In recent years, advances in hardware - such as Field-Programmable Gate Arrays - FPGAs (a special integrated circuit or a chip can be programmed within its scope after being manufactured) , the Tensor processor chips (TPU) from Google, and the graphics processing chip (GPU) - have played a big role in the growth of the AI industry.
'These types of hardware have a great impact on the research that people are doing, and therefore, the direction of AI in the next decade will be greatly affected by the development of hardware. . Of course computer science researchers do not want to be bound by the limits of hardware, but the reality is that '.

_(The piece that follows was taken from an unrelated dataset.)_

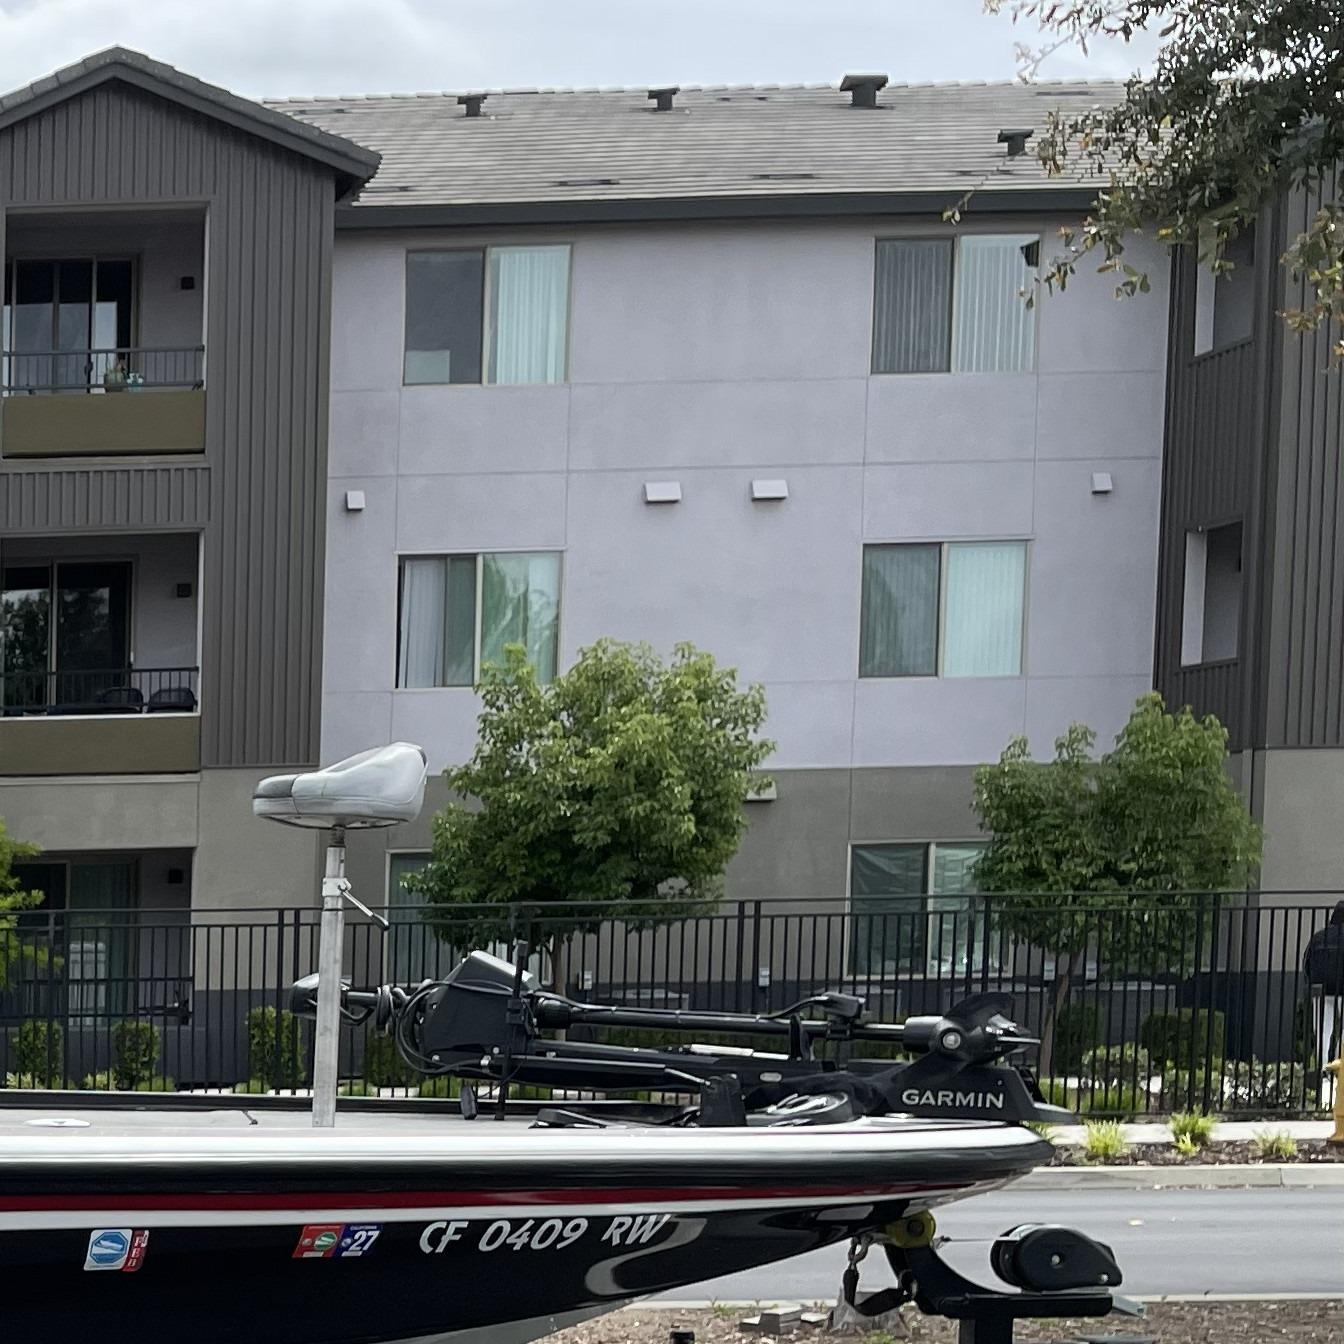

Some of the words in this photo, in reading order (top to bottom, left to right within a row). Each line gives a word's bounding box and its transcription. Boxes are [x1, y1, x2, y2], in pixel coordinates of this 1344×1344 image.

In addition, Mr. Yann LeCun also emphasized that some AI-related hardware manufacturers should consider and make recommendations about the type of architecture needed in the near future, possibly in the next few years, in advance. Increasing scale of deep learning systems. Besides the need for hardware to be designed specifically for deep learning, it can be handled on a large scale, instead of having to handle many training samples to run a network of gods. The capital is currently the standard.
'For example, if you only run a single image, you won't be able to exploit all the computing power available in the GPU. Basically, you will waste resources, so developers should also think about some of the more effective neural network training methods. '
- [Infographic] Future work when artificial intelligence gradually replaces people
In the article, Mr. Yann LeCun also reiterated his belief that supervised self-study will play a key role in promoting the development of modern AI. He believes that future deep learning systems will largely be trained with supervised self-study, and modern hardware with higher performance will be essential to support self-directed learning. so close.
Last month, Mr. Yann LeCun also held a discussion on the importance of self-monitoring learning as part of the prediction of the AI trend in 2019. Hardware can handle the Self-monitoring learning will be important for Facebook, as well as autopilot, robotics and many other forms of technology.
You should read it
- What is machine learning? What is deep learning? Difference between AI, machine learning and deep learning
- The difference between AI, machine learning and deep learning
- Deep Learning - new cybersecurity tool?
- Google researchers for gaming AI to improve enhanced learning ability
- This robot only takes 2 hours to learn to walk by itself
- MIT AI model can capture the relationship between objects with the minimum amount of training data
- Nvidia launches Deep Learning Super Sampling 2.0, an advanced platform for rendering AI-based graphics
- [Infographic] AI and Machine Learning in the enterprise
- Instructions for new learners AI: networks of neural networks
- 6 steps to start learning artificial intelligence programming (AI)
- Admire Nvidia's new AI application: Turn MS Paint-style doodle into an artistic 'masterpiece'
- Microsoft announced DeepSpeed, a new deep learning library that can support the training of super-large scale AI models
Maybe you are interested
How to fix Wifi error saying No Hardware Installed on Macbook
iPhone 12 suddenly had hardware features unlocked after updating to iOS 17.4
How to view detailed Linux system and hardware information on the command line
How to scan for hardware changes on Windows
How to Restore iPhone Settings Using Hardware Keys
What is computer hardware? What parts does hardware include?